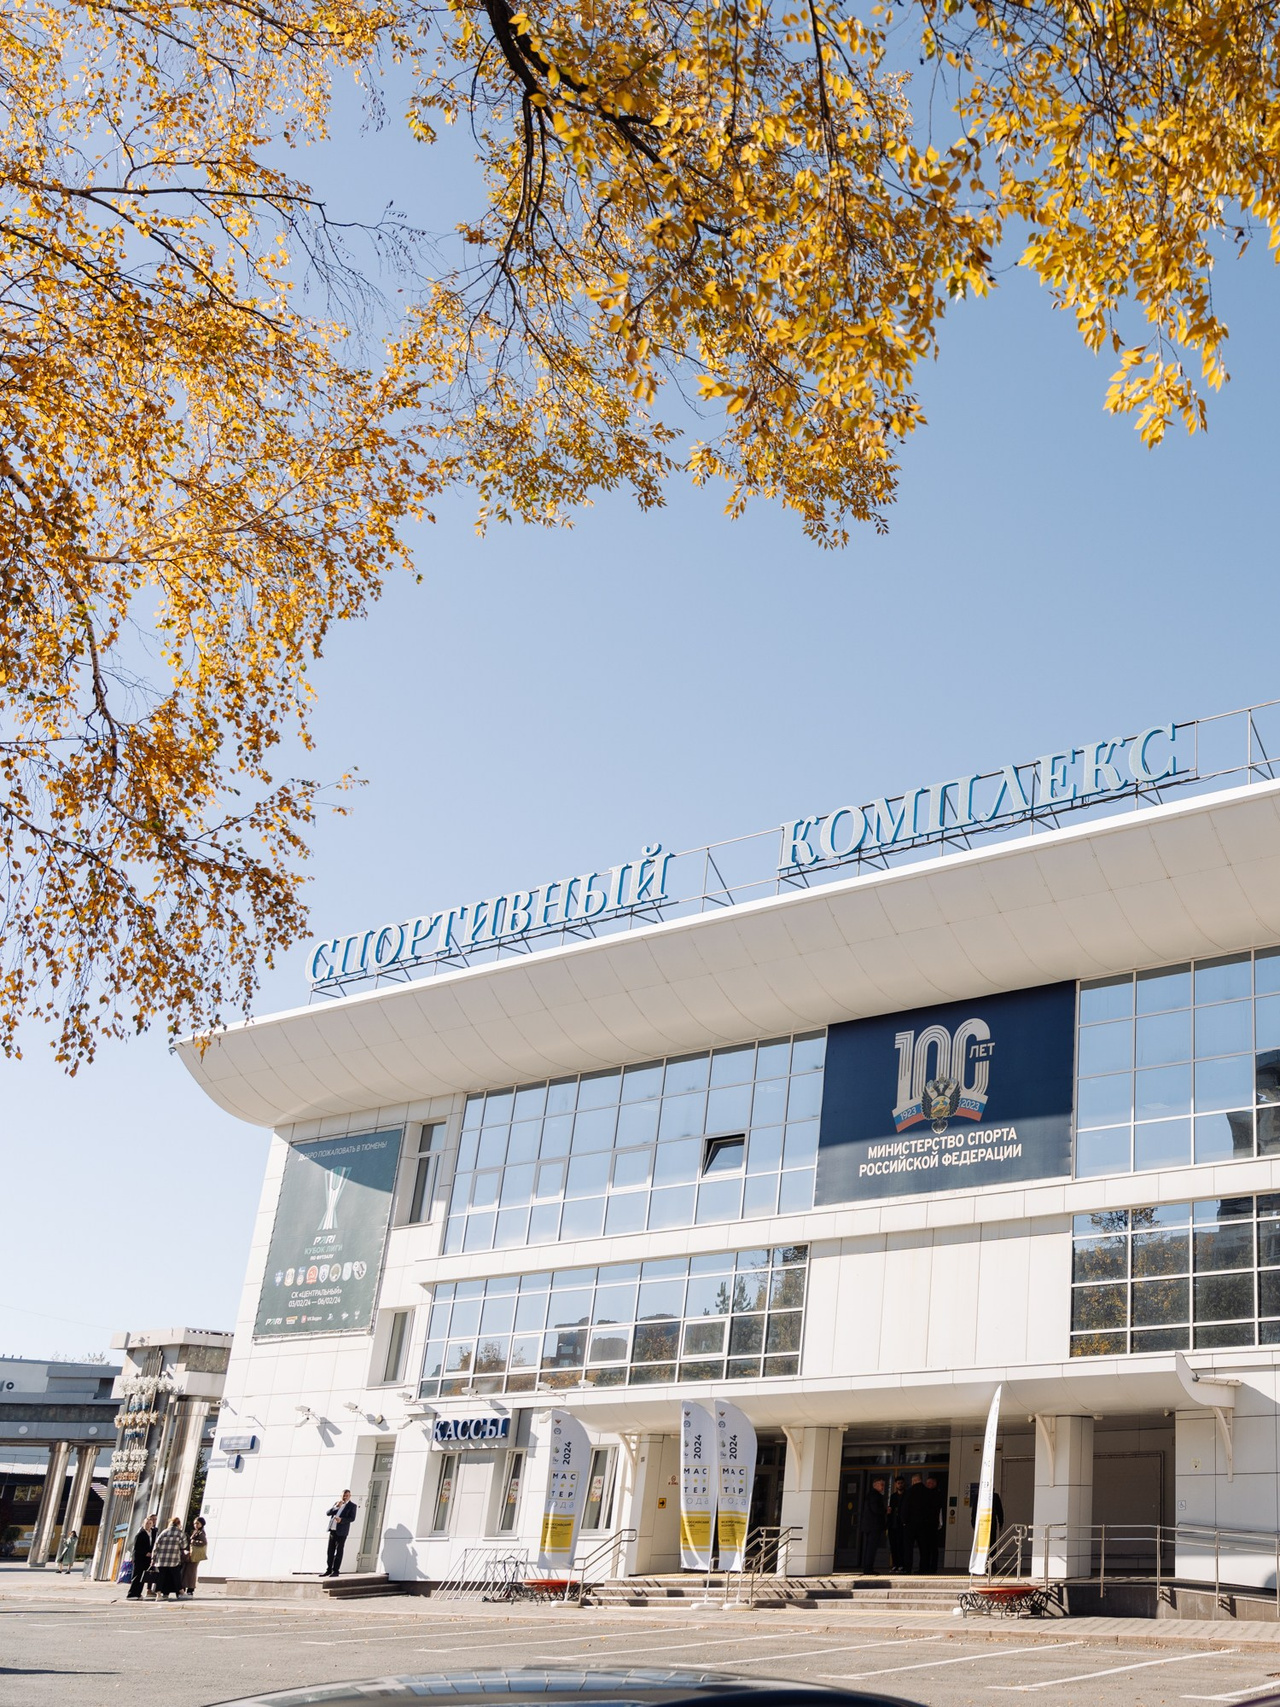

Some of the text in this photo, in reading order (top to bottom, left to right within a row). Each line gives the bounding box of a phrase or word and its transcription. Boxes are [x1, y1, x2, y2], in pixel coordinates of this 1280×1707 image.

[305, 842, 676, 985] СПОРТИВНЫЙ
[777, 722, 1178, 871] КОМПЛЕКС
[969, 1042, 996, 1059] ЛЕТ
[899, 1099, 980, 1121] 1923 2023
[318, 1147, 356, 1158] ПОЖАЛОВАТЬ
[867, 1127, 1018, 1159] МИНИСТЕРСТВО СПОРТА
[859, 1144, 1023, 1178] РОССИЙСКОЙ ФЕДЕРАЦИИ
[304, 1245, 326, 1255] КУБОК
[431, 1417, 509, 1442] КАССЫ
[562, 1441, 572, 1465] 2024
[693, 1433, 702, 1459] 2024
[729, 1434, 738, 1460] 2024
[552, 1472, 577, 1481] МАС
[683, 1467, 708, 1475] МАС
[551, 1490, 574, 1499] ТЕР
[684, 1486, 707, 1494] ТЕР
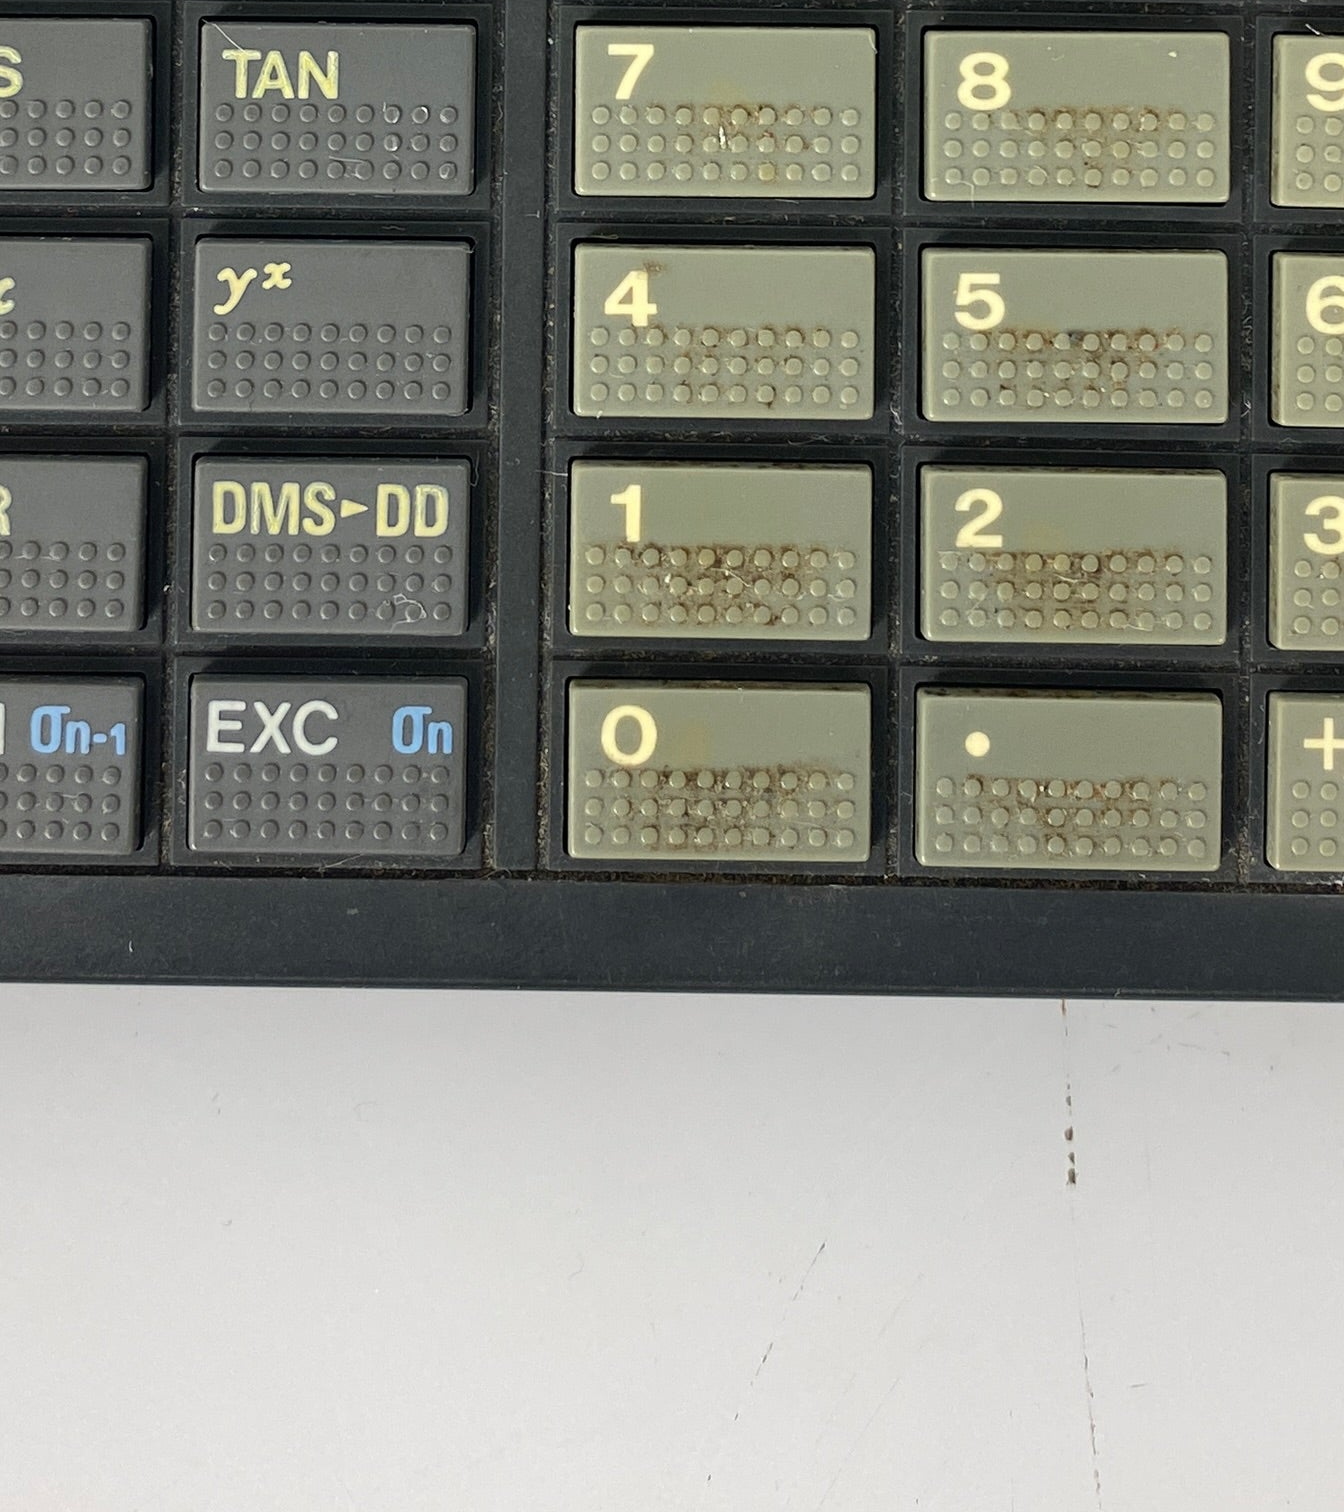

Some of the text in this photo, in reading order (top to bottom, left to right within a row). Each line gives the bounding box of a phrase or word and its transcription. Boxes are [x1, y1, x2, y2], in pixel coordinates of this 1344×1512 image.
================================
_Activity_. Produce a verbatim copy of every entry, excluding pictures.

_Answer to this task_.
Some of the text in this photo, in reading order (top to bottom, left to right within a row). Each line gives the bounding box of a phrase or word and its transcription. Boxes are [x1, y1, x2, y2], in pixel coordinates of this 1280×1707 image.

[305, 842, 676, 985] СПОРТИВНЫЙ
[777, 722, 1178, 871] КОМПЛЕКС
[969, 1042, 996, 1059] ЛЕТ
[899, 1099, 980, 1121] 1923 2023
[318, 1147, 356, 1158] ПОЖАЛОВАТЬ
[867, 1127, 1018, 1159] МИНИСТЕРСТВО СПОРТА
[859, 1144, 1023, 1178] РОССИЙСКОЙ ФЕДЕРАЦИИ
[304, 1245, 326, 1255] КУБОК
[431, 1417, 509, 1442] КАССЫ
[562, 1441, 572, 1465] 2024
[693, 1433, 702, 1459] 2024
[729, 1434, 738, 1460] 2024
[552, 1472, 577, 1481] МАС
[683, 1467, 708, 1475] МАС
[551, 1490, 574, 1499] ТЕР
[684, 1486, 707, 1494] ТЕР

Some of the text in this photo, in reading order (top to bottom, left to right within a row). Each line gives the bounding box of a phrase or word and its transcription. Boxes are [x1, y1, x2, y2], in pixel coordinates of this 1344×1512 image.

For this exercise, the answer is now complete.